Here, Glad’s dishonest conduct was the ultimate cause of Home’s loss. Glad’s conduct, however, included no representation that either Glad or Home was engaging in securities trading in a manner that the trading exclusion is intended to discourage. The Aetna bond’s fidelity loss coverage should not be defeated by an expansive interpretation of the trading exclusion. Therefore, we hold that Home’s loss is not excluded from coverage by the trading exclusion.
JURY INSTRUCTIONS
Aetna’s fifth argument on appeal is that the instructions given to the jury improperly failed to allow the jury to consider Home’s own mismanagement and poor business judgment as the cause of its loss. At trial, Aetna elicited voluminous testimony about Home’s alleged mismanagement and bad judgment in connection with the AFCO investor loans.27 Aetna argued strenuously that mismanagement and poor judgment, not employee dishonesty, caused the AFCO investor loan fiasco.
It is incumbent upon the trial court to instruct the jury on both parties’ theories of the case, so long as competent evidence has been presented in support of those theories. Powers v. Gene’s Bldg.
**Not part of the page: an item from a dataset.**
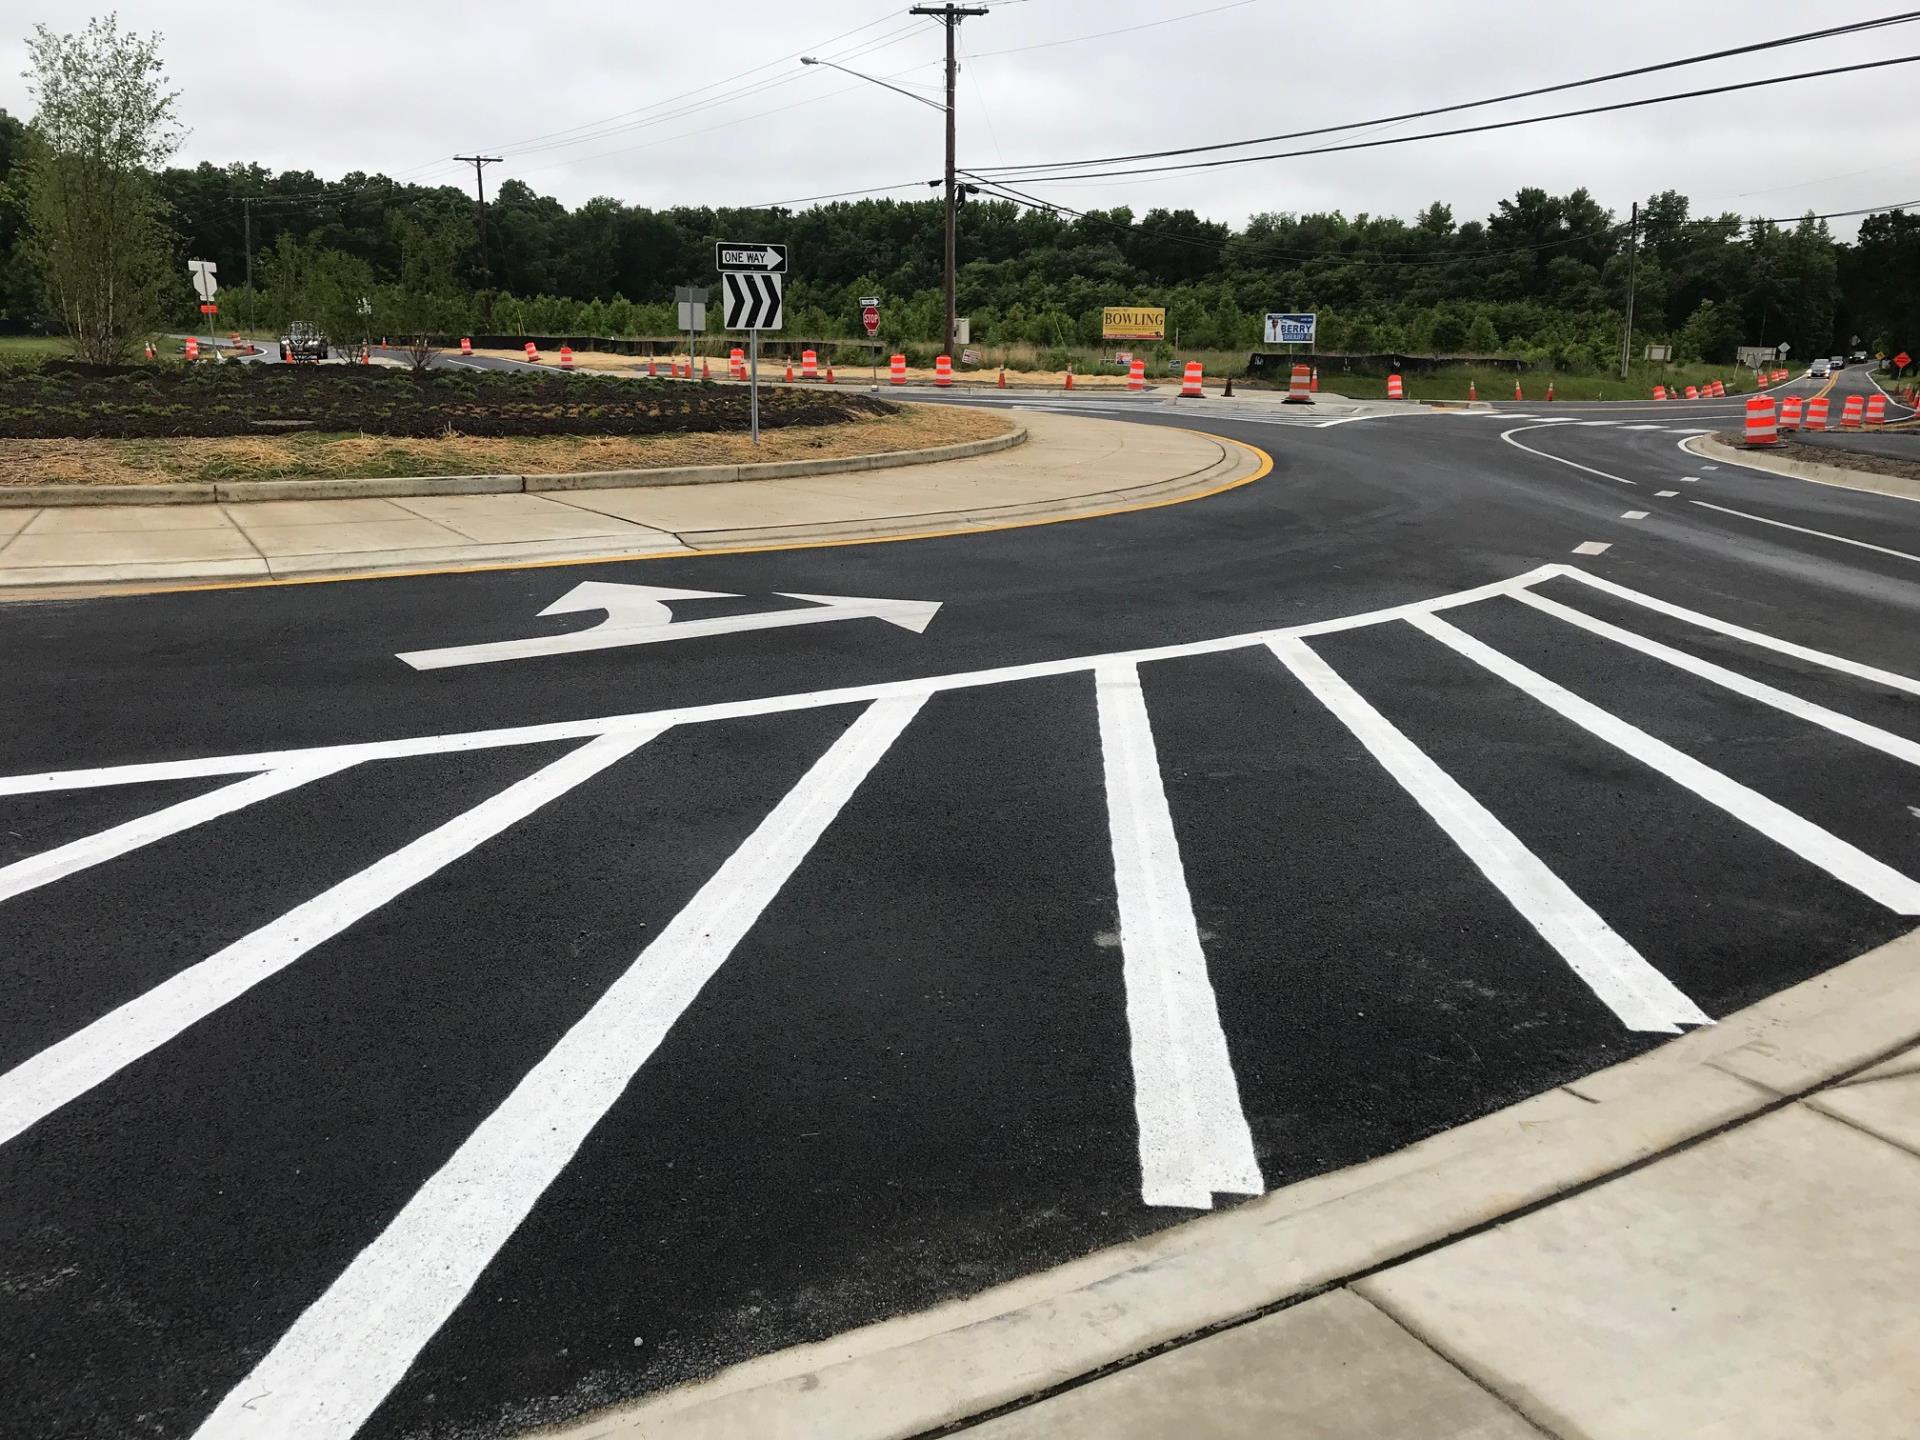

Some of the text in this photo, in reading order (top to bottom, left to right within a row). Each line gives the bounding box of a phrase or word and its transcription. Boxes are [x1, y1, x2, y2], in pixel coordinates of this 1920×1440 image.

[724, 251, 766, 264] ONE WAY
[864, 314, 878, 323] STOP
[1105, 312, 1163, 325] BOWLING
[1281, 324, 1312, 332] BERRY
Materials, Inc., 567 P.2d 174, 176 (Utah 1977); Pacific Chromalox Div. v. Irey, 787 P.2d 1319, 1328 (Utah App.1990). Utah R.Civ.P. 51 permits appellate review of jury instructions upon timely, specific objection, or at the appellate court’s discretion:
No party may assign as error the giving or the failure to give an instruction unless he objects thereto. In objecting to the giving of an instruction, a party must state distinctly the matter to which he objects and the grounds for his objection. Notwithstanding the foregoing requirement, the appellate court, in its discretion and in the interests of justice, may review the giving of or failure to give an instruction.
Under Rule 51, we first examine the claimed jury instruction errors to which Aetna objected in the trial court.
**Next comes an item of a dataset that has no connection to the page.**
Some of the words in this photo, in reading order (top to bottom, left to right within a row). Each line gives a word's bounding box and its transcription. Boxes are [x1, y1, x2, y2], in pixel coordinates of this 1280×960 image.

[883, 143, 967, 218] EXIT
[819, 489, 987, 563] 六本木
Aetna objected to instruction number twenty-nine. In substance, instruction twenty-nine told the jury that any negligent failure by Home to prevent Glad’s dishonest conduct was not a defense to coverage under the bond.28 We do not *363perceive Aetna’s point on appeal to be related to Home’s failure to prevent Glad’s dishonesty; rather, it is related to alleged general mismanagement and poor business judgment in approving the AFCO investor loans.29 The thrust of instruction twenty-nine, however, is limited to Home’s failure to prevent Glad’s dishonest conduct. So limited, the instruction properly states the general rule that, absent a specific bond provision to the contrary, an insured’s negligent failure to prevent employee dishonesty is not a defense to fidelity loss coverage. 13 Couch on Insurance 2d § 46:233 (1982); First Hayes Banshares, Inc. v. Kansas Bankers Sur. Co., 244 Kan. 576, 769 P.2d 1184, 1193 (1989). Instruction twenty-nine properly limited Aetna’s general mismanagement argument to mismanagement unrelated to Glad’s conduct, and, therefore, was proper.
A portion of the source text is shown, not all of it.